Free-text object descriptions
# # # # # # #
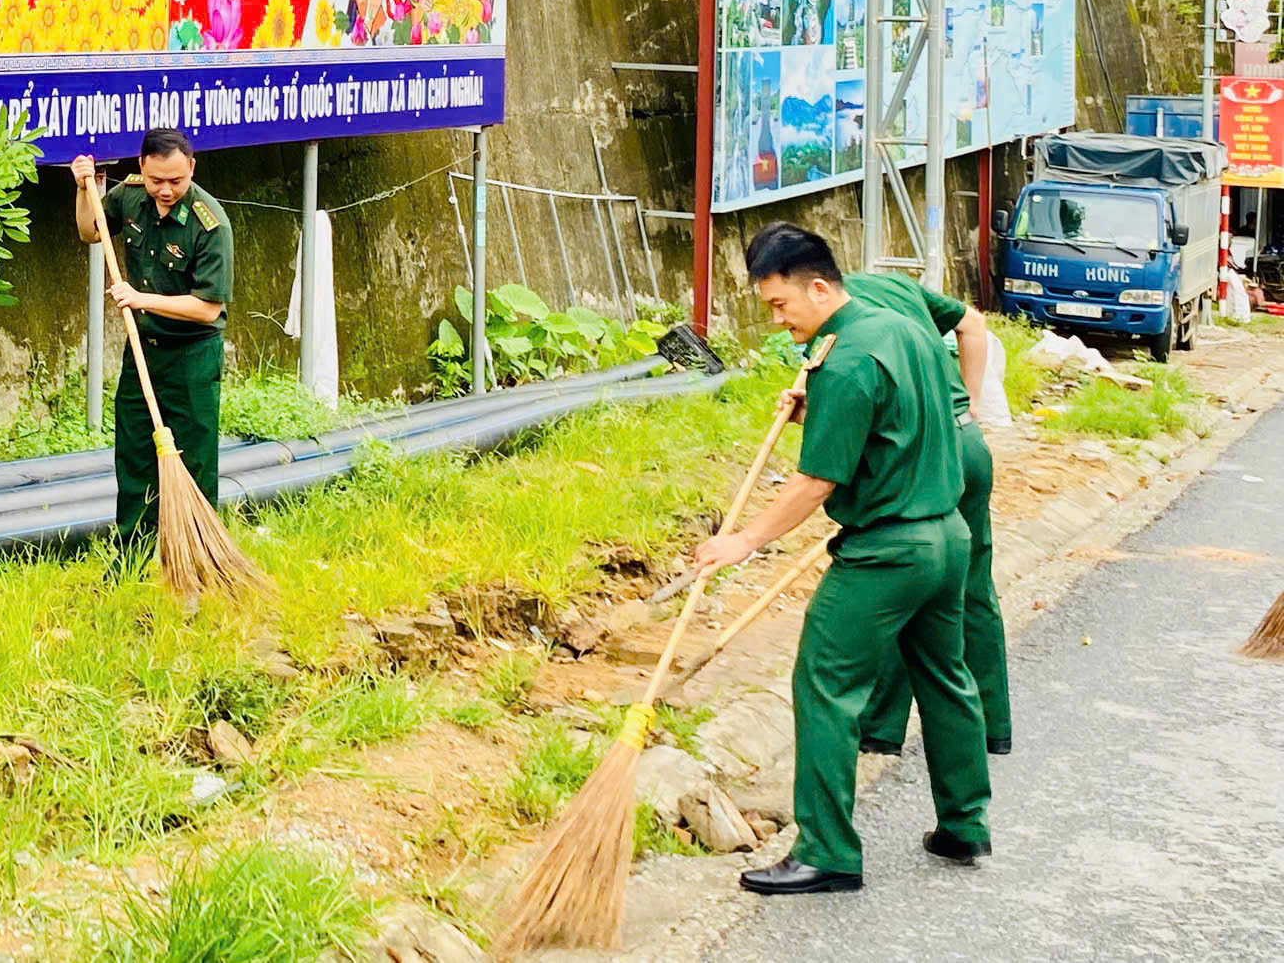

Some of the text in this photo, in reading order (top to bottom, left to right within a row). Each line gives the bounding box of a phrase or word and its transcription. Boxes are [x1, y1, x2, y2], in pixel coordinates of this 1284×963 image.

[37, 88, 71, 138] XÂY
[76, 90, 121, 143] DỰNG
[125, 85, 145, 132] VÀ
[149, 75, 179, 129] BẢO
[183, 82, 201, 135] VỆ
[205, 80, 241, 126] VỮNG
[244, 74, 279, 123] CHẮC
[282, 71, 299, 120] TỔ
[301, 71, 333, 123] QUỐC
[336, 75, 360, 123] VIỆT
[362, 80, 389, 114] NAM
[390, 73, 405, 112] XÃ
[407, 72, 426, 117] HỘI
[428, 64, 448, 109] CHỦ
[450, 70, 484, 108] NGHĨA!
# # # # # # #
- **TASK BRIEF**
The records above, copied word for word without the pictures, are what should be output.

- **RESULT BELOW**
Some of the text in this photo, in reading order (top to bottom, left to right within a row). Each line gives the bounding box of a phrase or word and its transcription. Boxes are [x1, y1, x2, y2], in pixel coordinates of this 1284×963 image.

[37, 88, 71, 138] XÂY
[76, 90, 121, 143] DỰNG
[125, 85, 145, 132] VÀ
[149, 75, 179, 129] BẢO
[183, 82, 201, 135] VỆ
[205, 80, 241, 126] VỮNG
[244, 74, 279, 123] CHẮC
[282, 71, 299, 120] TỔ
[301, 71, 333, 123] QUỐC
[336, 75, 360, 123] VIỆT
[362, 80, 389, 114] NAM
[390, 73, 405, 112] XÃ
[407, 72, 426, 117] HỘI
[428, 64, 448, 109] CHỦ
[450, 70, 484, 108] NGHĨA!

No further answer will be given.